I'm away at my parents' house this week, which doesn't really excuse my laziness for the better part of this month. I flew in last night, forced to take the red eye sitting behind a fat kid passing gas and his snoring father. I sat next to a nice woman, and during particularly bad turbulence, she passed me some gum. Feeling like I should say somehing other than, "Gee, thanks," I held up the piece of gum and said, "You know, airplane breath." She didn't hear me at first, so I had to repeat it. She just said, "Hm."

My parents are new age-y born-again Christian stoners. That's all you need to know about them for now. Anyway, here's a long Recent Media section, because I know at least Mike likes it a lot.

Recent Media
Federalist Papers, The
American Movie, Chris Smith, dir. Man, these people are for real. A lone genius in a Midwestern wasteland.
Gold Rush, Miri Yu. Someone in the Japanese Bureau of Tourism should ban Miri Yu's books from being translated into English, because this book is fucked up.
Journey to the West, Vol. I, Anthony C. Yu, trans. The Santa Barbara public library only has the first two volumes of this four-part set, so I'm just going to have to assume they made it to the west.
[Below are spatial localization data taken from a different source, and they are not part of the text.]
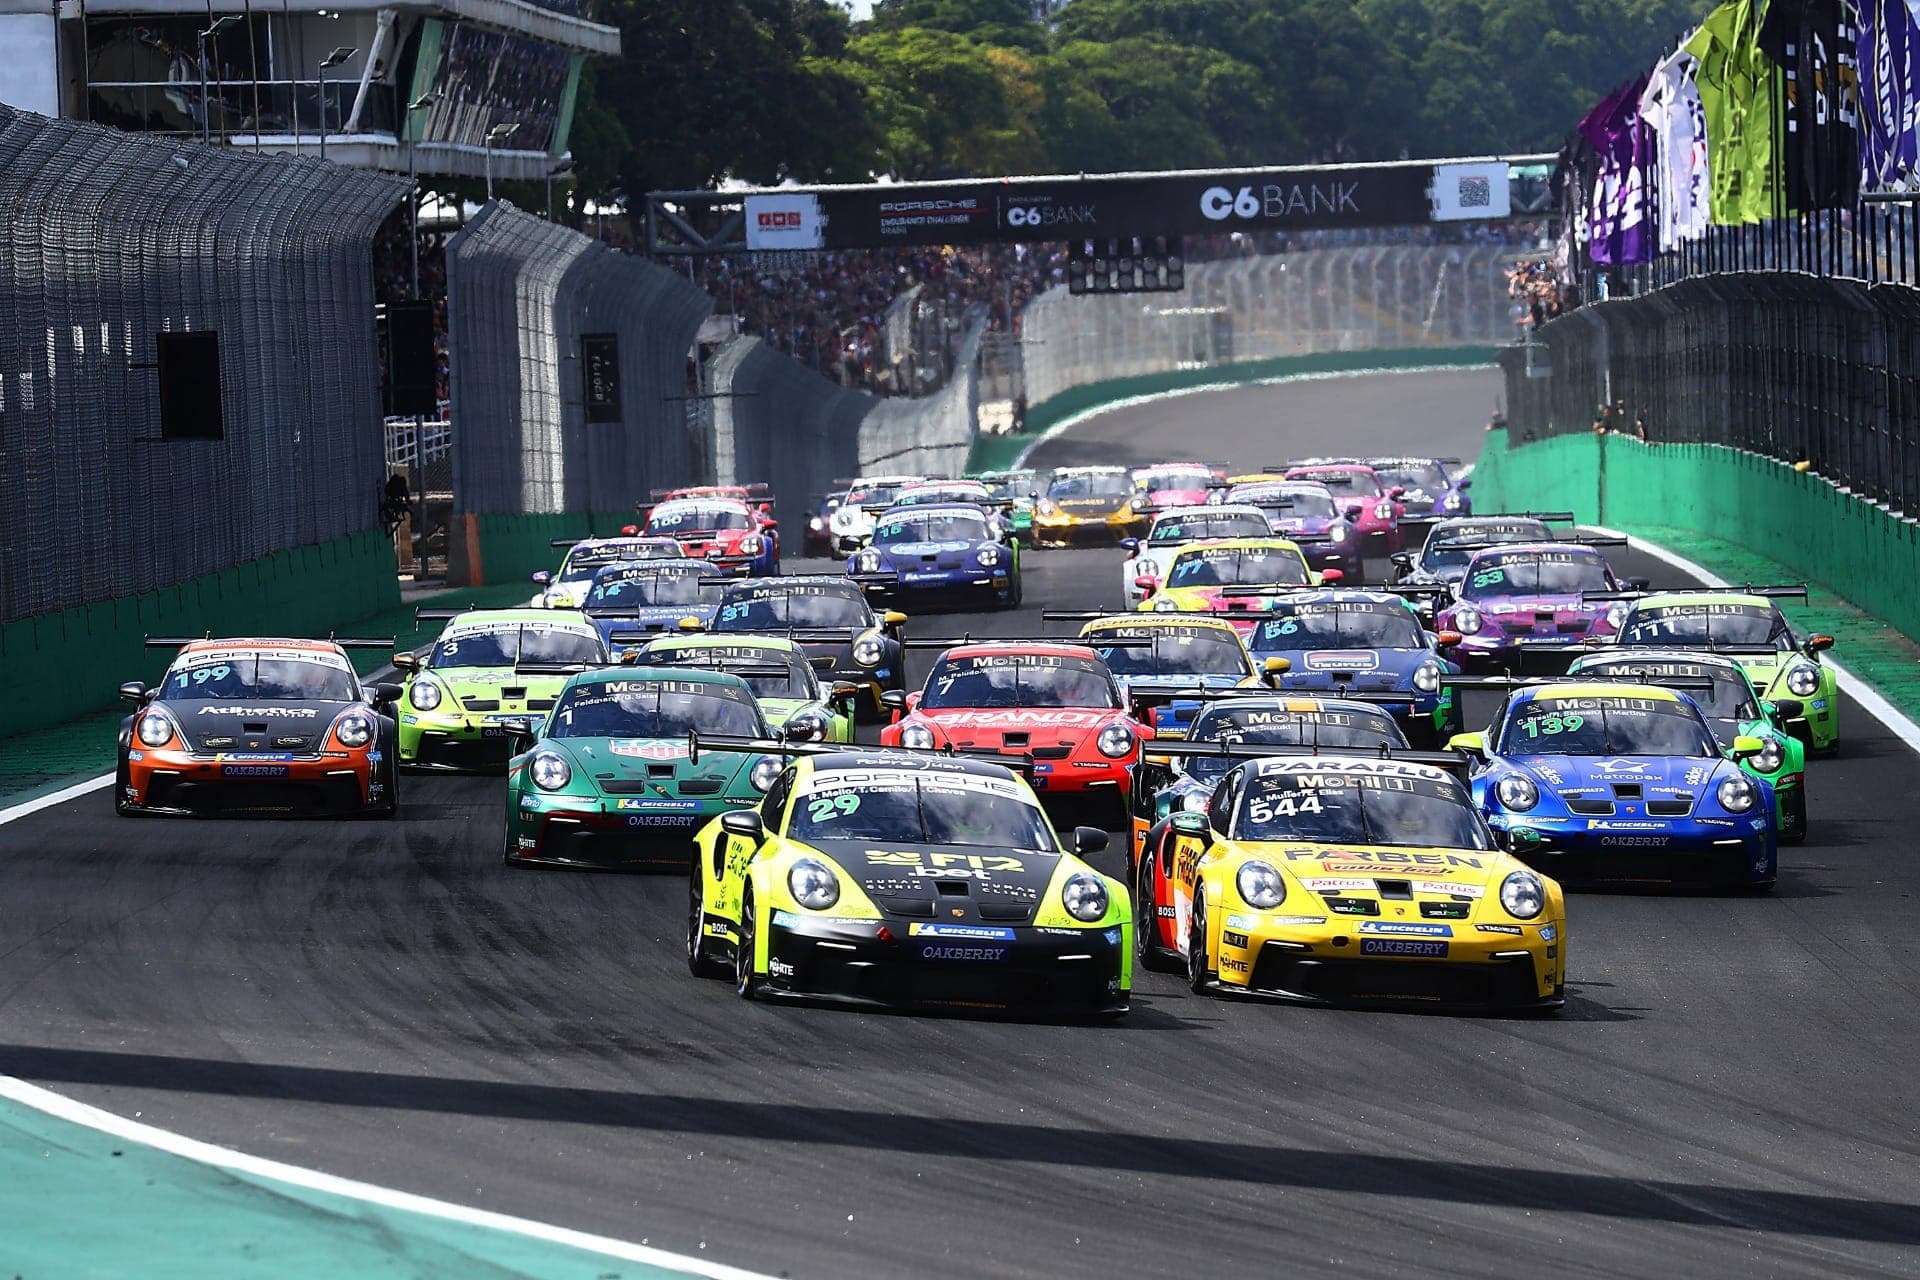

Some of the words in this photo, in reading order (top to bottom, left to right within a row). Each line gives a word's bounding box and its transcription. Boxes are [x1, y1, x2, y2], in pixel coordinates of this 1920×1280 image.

[880, 199, 977, 212] PORSCHE
[1629, 622, 1676, 641] 111
[442, 642, 459, 656] 3
[189, 652, 340, 665] PORSCHE
[973, 656, 1036, 667] Mobil
[175, 666, 231, 688] 199
[605, 681, 675, 693] Mobil
[937, 678, 954, 696] 7
[1556, 699, 1627, 711] Mobil
[559, 710, 573, 725] 1
[1249, 713, 1320, 724] Mobil
[1522, 716, 1584, 738] 139
[225, 766, 286, 777] OAKBERRY
[1263, 762, 1442, 779] PARAFLU
[1297, 775, 1380, 789] Mobil
[1590, 774, 1663, 782] Metropax
[814, 774, 1018, 797] PORSCHE
[807, 794, 860, 823] 29
[1251, 797, 1324, 824] 544
[629, 816, 695, 827] OAKBERRY
[1601, 836, 1669, 846] OAKBERRY
[930, 852, 1025, 872] F12
[1284, 850, 1483, 868] FARBEN
[908, 866, 992, 880] .bet
[1311, 878, 1365, 886] Patrus
[1422, 882, 1477, 894] Patrus
[1158, 907, 1175, 917] BOSS
[712, 922, 728, 933] BOSS
[939, 927, 1006, 937] MICHELIN
[1380, 926, 1443, 934] MICHELIN
[922, 946, 1005, 960] OAKBERRY
[1366, 941, 1443, 955] OAKBERRY
The Sky Unwashed, Irene Zabytko. It's about the people living in the village near Chernobyl when it had the meltdown. Everyone gets cancer and dies. Oops, I gave it away.
The Tragic Menagerie, Lydia Zinovieva-Annibal.
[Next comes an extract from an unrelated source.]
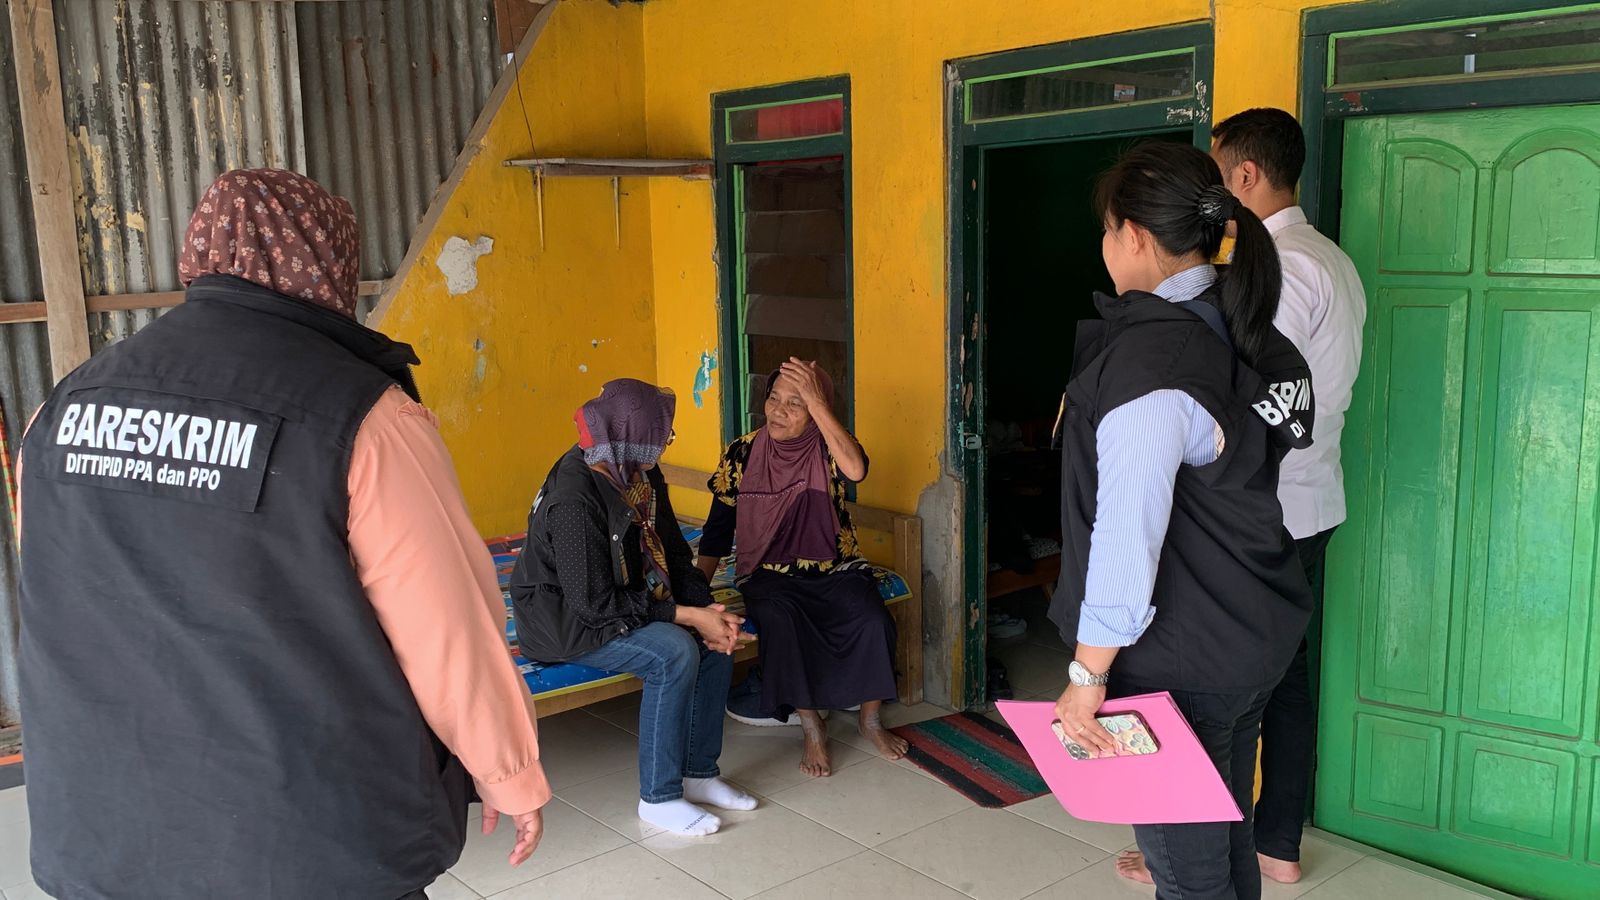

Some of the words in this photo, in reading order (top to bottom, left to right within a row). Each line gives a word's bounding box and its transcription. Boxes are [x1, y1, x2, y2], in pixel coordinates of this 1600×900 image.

Mannequin, Michael Gottlieb, dir., 1987. How far Kim Cattrall and James Spader have come!
Anchorman, Adam McKay, dir., 2004.
Nanny 911. I don't know how I ended up watching this but Ho-Ly Shit! This couple had adopted twins, then had twins by in vitro, then finally had twins naturally. You'd think after two sets of twins they wouldn't even desire a fifth kid, let alone a sixth, so I bet the last twins were accidents. I kind of wanted kids in the future before I saw this, but now I don't.
Grand Theft Auto: San Andreas. Oh, man, this is the most fun game ever. I love slashing the prostitutes with a chain saw.
Sense and Sensibility, Jane Austen.
Jane magazine. Jane is for shallow women who went to small liberal arts colleges, or the New School. Cosmo is for shallow women who went to state schools. Vogue is for shallow women who went to Ivy League colleges. And Better Homes and Gardens is for shallow women who stayed home.
Playboy, April 2005. Whoa, wear some safety goggles when you turn to page 134. Also, a joke: What do you call a blond with two brain cells? Pregnant.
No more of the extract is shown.